On Mon, Sep 8, 2014 at 10:45 AM, Thibault Kruse <tibokr...@googlemail.com>
wrote:

> Hm, thinking some more, the general solution would be to fail if a
> variant is requested, and it is among a set of whitelisted variants,
> and the markup is not found. For other variants, using the default
> would probably be fine. This is more general than our current usecase,
> but still significant I believe. I trust that Wicket fails at runtime
> when the markup has an error, and I want to be able to express in
> wicket that for a given component, a set of variants is expected to
> exist, and wicket should fail if the markup is missing for any variant
> in the set.
>
> On Mon, Sep 8, 2014 at 9:41 AM, Thibault Kruse <tibokr...@googlemail.com>
> wrote:
> > Both solutions are not ideal, since we do not want our tests to become
> > brittle. We want to functionally test components in multiple variants,
> > but where the variants vary in mere layout (css classes), we do not
> > want to have tests break just because the layout changes (as long as
> > the component still functions).
> >
> > Another solution for us would be to have components without variant
> > loading fallback behavior. So in general it is obviously good if a
> > component falls back to default markup, because we might have a
> > component tree where only a subset of involved components have a
> > variant markup. But for those component are supposed to have it, it
> > would be good if they fail when it is not found (e.g. due to typos).

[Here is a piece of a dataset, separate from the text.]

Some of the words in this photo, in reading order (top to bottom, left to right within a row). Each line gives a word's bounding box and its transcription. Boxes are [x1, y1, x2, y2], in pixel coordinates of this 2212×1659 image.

> > However, I guess we cannot implement that logic inside getVariant(),
> > as the child components will invoke it. Is there another hook we could
> > use to fail for specific components when their variant was not found?
> >
> > On Mon, Sep 8, 2014 at 9:12 AM, Martin Grigorov <mgrigo...@apache.org>
> wrote:
> >> Hi,
> >>
> >> There is nothing specific for this.
> >> But you can use
> >> various org.apache.wicket.util.tester.WicketTester#executeTest()
> methods to
> >> check the response against a valid response pre-saved in a file.
> >> Or you can use
> org.apache.wicket.util.tester.WicketTester#assertContains()

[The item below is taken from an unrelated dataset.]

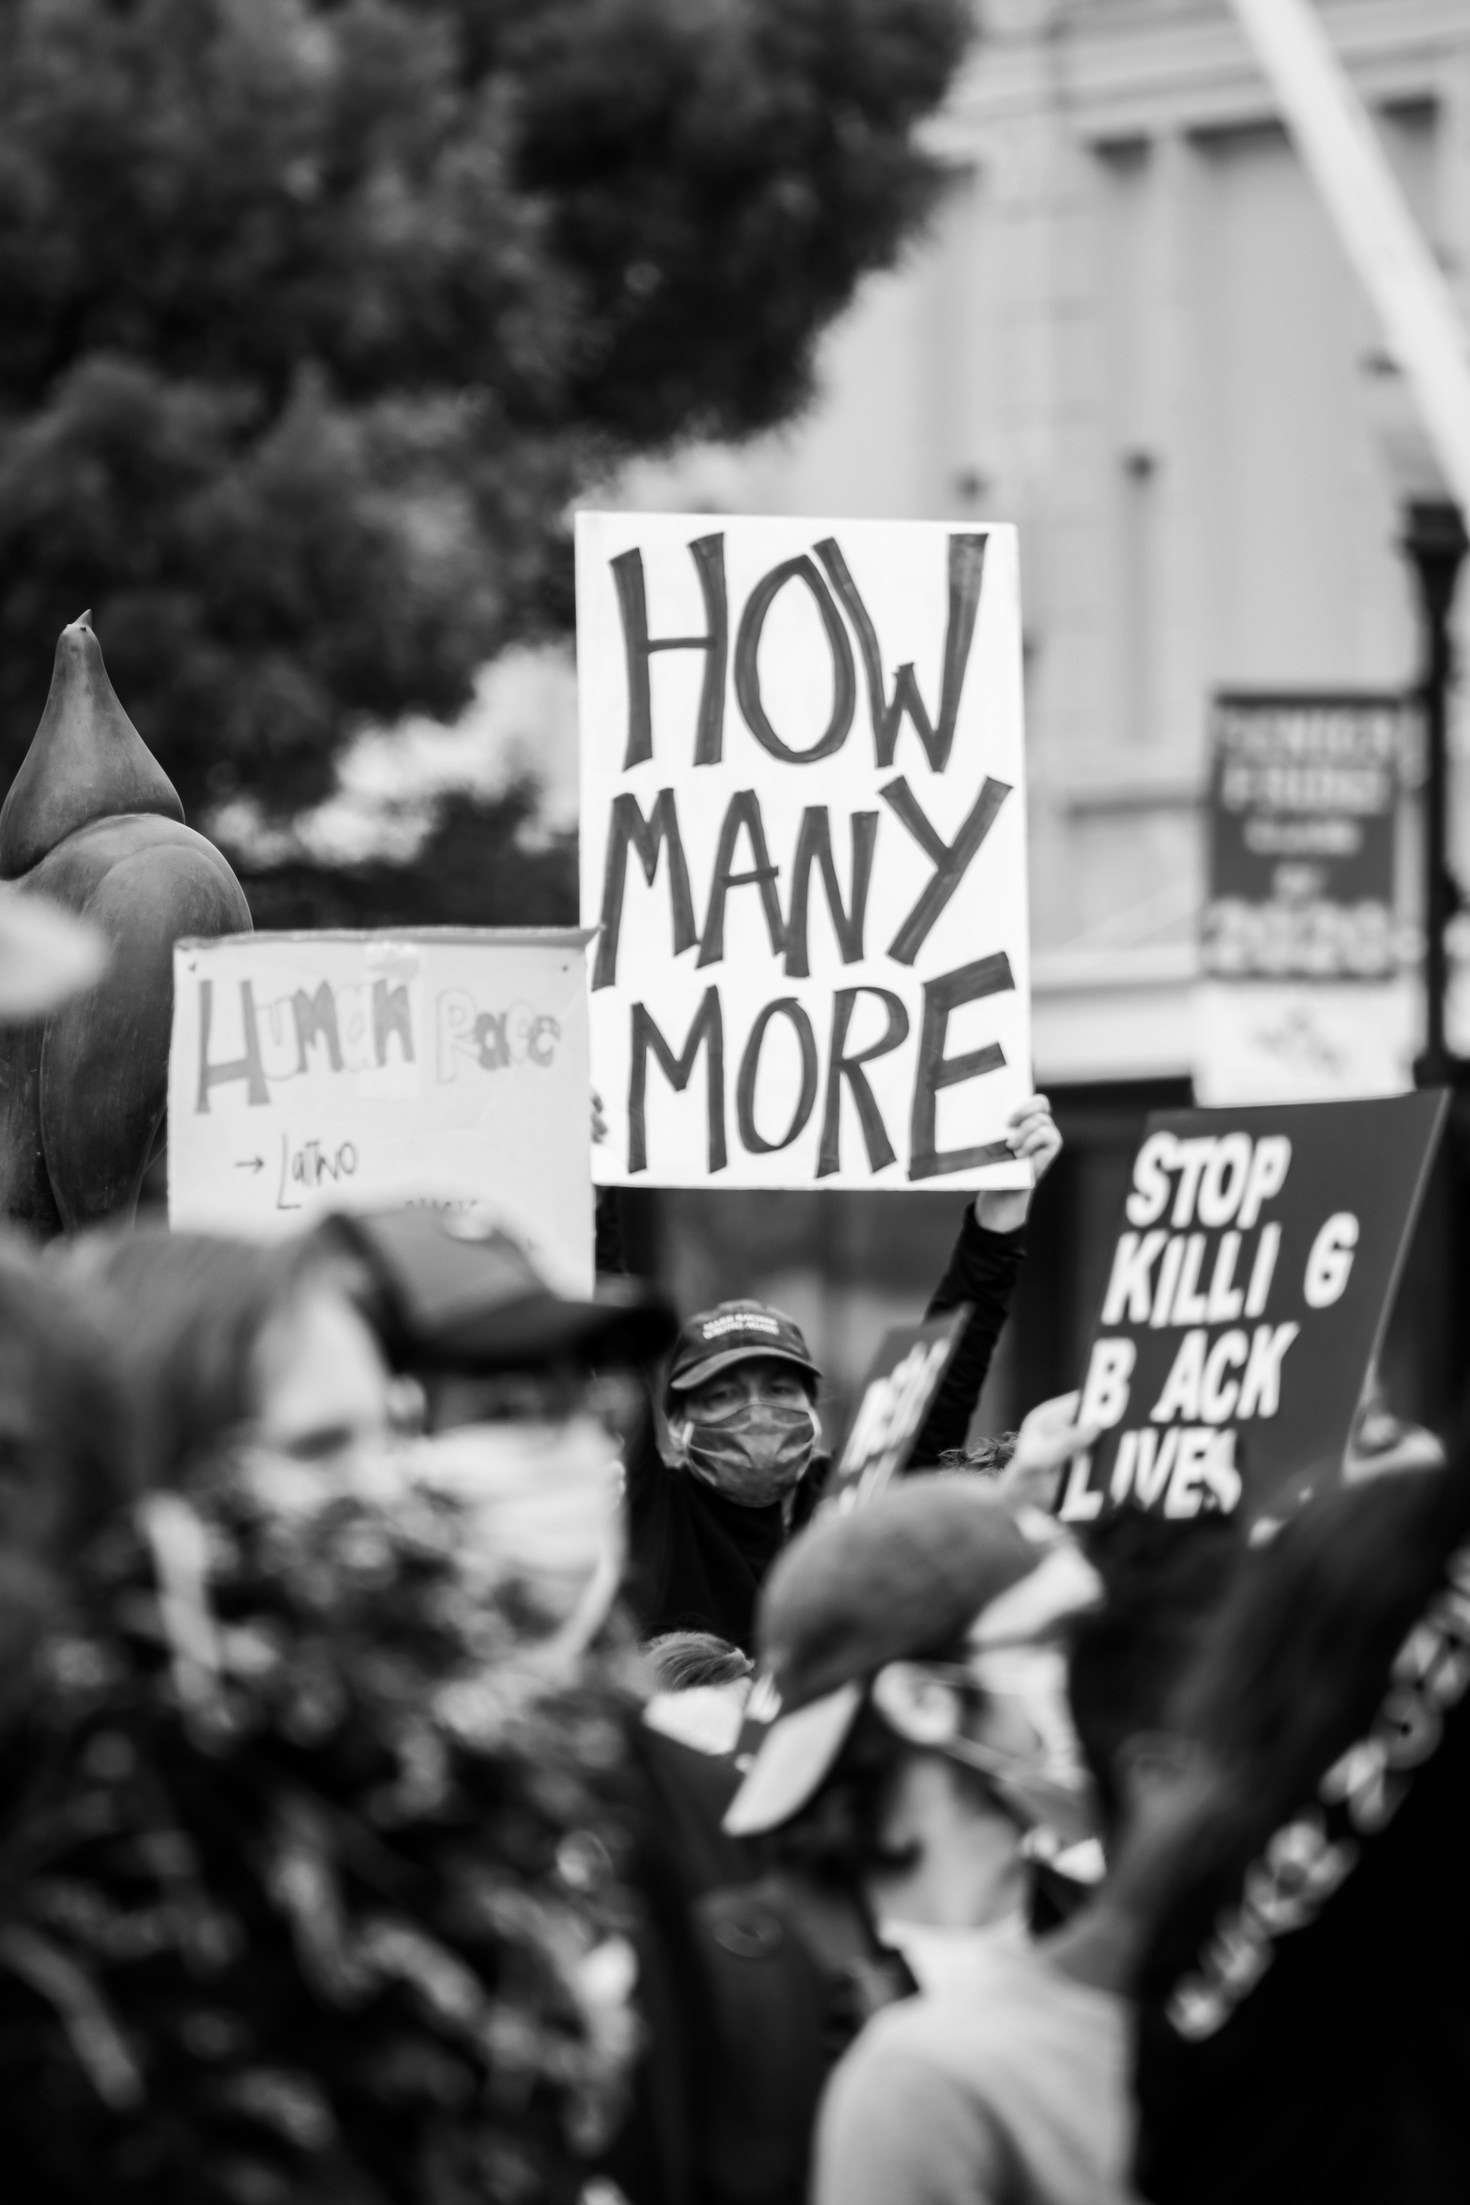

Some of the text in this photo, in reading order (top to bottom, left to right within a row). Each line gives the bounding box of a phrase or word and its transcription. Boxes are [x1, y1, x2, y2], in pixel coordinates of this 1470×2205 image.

[609, 532, 989, 773] HOW
[591, 775, 1014, 992] MANY
[626, 951, 1016, 1182] MORE
[1126, 1130, 1292, 1229] STOP

> >> to check that a specific String (actually a Regex) is in the response.
> >>
> >> Martin Grigorov
> >> Wicket Training and Consulting
> >> https://twitter.com/mtgrigorov
> >>
> >>
> >> On Fri, Sep 5, 2014 at 4:30 PM, Thibault Kruse <
> tibokr...@googlemail.com>
> >> wrote:
> >>
> >>> Thanks Martin,
> >>>
> >>> that works for us. I missed that Variants are inherited from parents.
> >>>
> >>> Is there also a good way that I can assure in our unit tests that the
> >>> variant markup for certain components exists and was found? Else a
> >>> typo would go unnoticed in the unit tests.
> >>>
> >>> cheers,
> >>>   Thibault
> >>>
> >>> On Wed, Sep 3, 2014 at 12:59 PM, Martin Grigorov <mgrigo...@apache.org
> >
> >>> wrote:
> >>> > Hi,
> >>> >
> >>> > The behaviors are not used for variations.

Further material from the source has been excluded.